**EXERCISE PROMPT**
Your task is to return all of the entries below exactly, leaving out each picture.
--- MATERIAL FOR THIS EXERCISE Enclosed Below ---
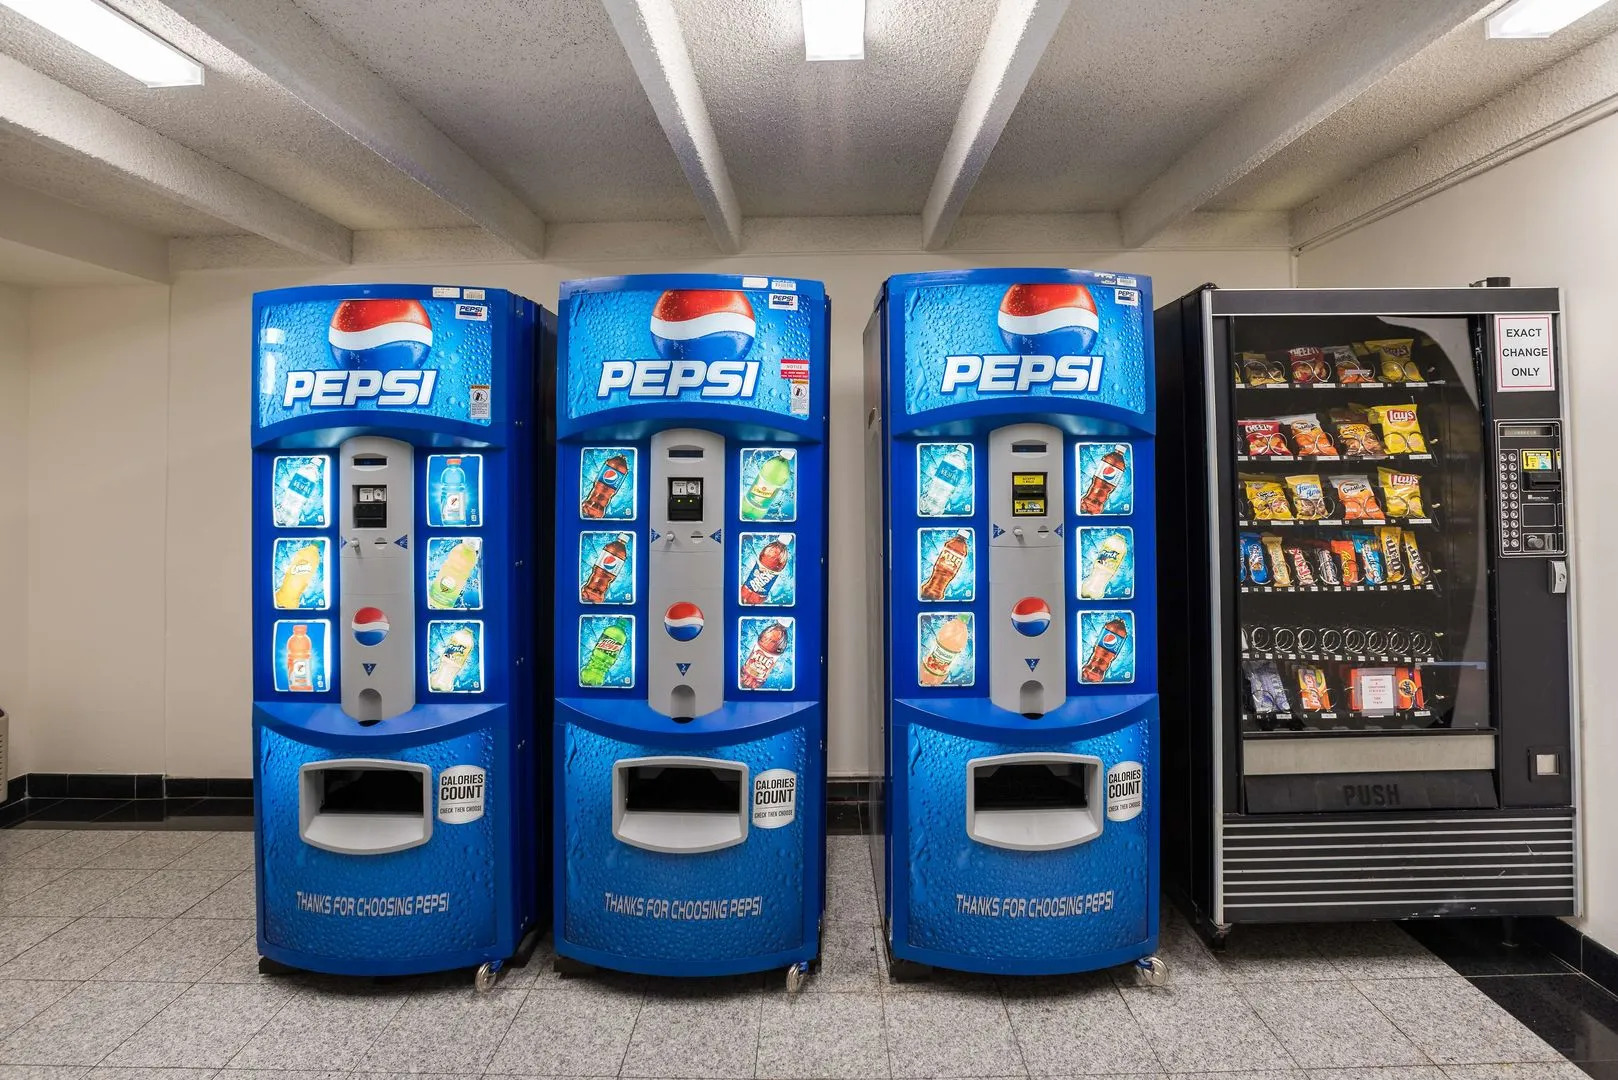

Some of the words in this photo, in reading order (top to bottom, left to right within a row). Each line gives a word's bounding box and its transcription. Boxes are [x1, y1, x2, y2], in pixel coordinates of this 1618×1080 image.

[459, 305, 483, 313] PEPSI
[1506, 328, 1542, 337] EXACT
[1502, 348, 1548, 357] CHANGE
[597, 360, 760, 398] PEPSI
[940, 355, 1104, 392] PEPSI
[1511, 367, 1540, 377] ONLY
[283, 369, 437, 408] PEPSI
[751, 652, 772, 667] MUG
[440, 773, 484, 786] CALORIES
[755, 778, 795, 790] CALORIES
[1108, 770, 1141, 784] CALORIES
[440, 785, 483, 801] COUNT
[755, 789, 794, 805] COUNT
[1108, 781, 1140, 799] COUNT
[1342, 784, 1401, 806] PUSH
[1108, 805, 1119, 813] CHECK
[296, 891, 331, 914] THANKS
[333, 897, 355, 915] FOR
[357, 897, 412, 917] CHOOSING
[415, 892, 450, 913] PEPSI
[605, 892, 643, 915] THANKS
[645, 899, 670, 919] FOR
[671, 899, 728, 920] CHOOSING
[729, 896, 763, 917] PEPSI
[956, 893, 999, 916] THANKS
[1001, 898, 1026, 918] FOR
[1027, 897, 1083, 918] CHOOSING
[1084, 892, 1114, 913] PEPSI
--- End of Enclosed MATERIAL FOR THIS EXERCISE ---
**SOLVED EXERCISE**
Some of the words in this photo, in reading order (top to bottom, left to right within a row). Each line gives a word's bounding box and its transcription. Boxes are [x1, y1, x2, y2], in pixel coordinates of this 1618×1080 image.

[459, 305, 483, 313] PEPSI
[1506, 328, 1542, 337] EXACT
[1502, 348, 1548, 357] CHANGE
[597, 360, 760, 398] PEPSI
[940, 355, 1104, 392] PEPSI
[1511, 367, 1540, 377] ONLY
[283, 369, 437, 408] PEPSI
[751, 652, 772, 667] MUG
[440, 773, 484, 786] CALORIES
[755, 778, 795, 790] CALORIES
[1108, 770, 1141, 784] CALORIES
[440, 785, 483, 801] COUNT
[755, 789, 794, 805] COUNT
[1108, 781, 1140, 799] COUNT
[1342, 784, 1401, 806] PUSH
[1108, 805, 1119, 813] CHECK
[296, 891, 331, 914] THANKS
[333, 897, 355, 915] FOR
[357, 897, 412, 917] CHOOSING
[415, 892, 450, 913] PEPSI
[605, 892, 643, 915] THANKS
[645, 899, 670, 919] FOR
[671, 899, 728, 920] CHOOSING
[729, 896, 763, 917] PEPSI
[956, 893, 999, 916] THANKS
[1001, 898, 1026, 918] FOR
[1027, 897, 1083, 918] CHOOSING
[1084, 892, 1114, 913] PEPSI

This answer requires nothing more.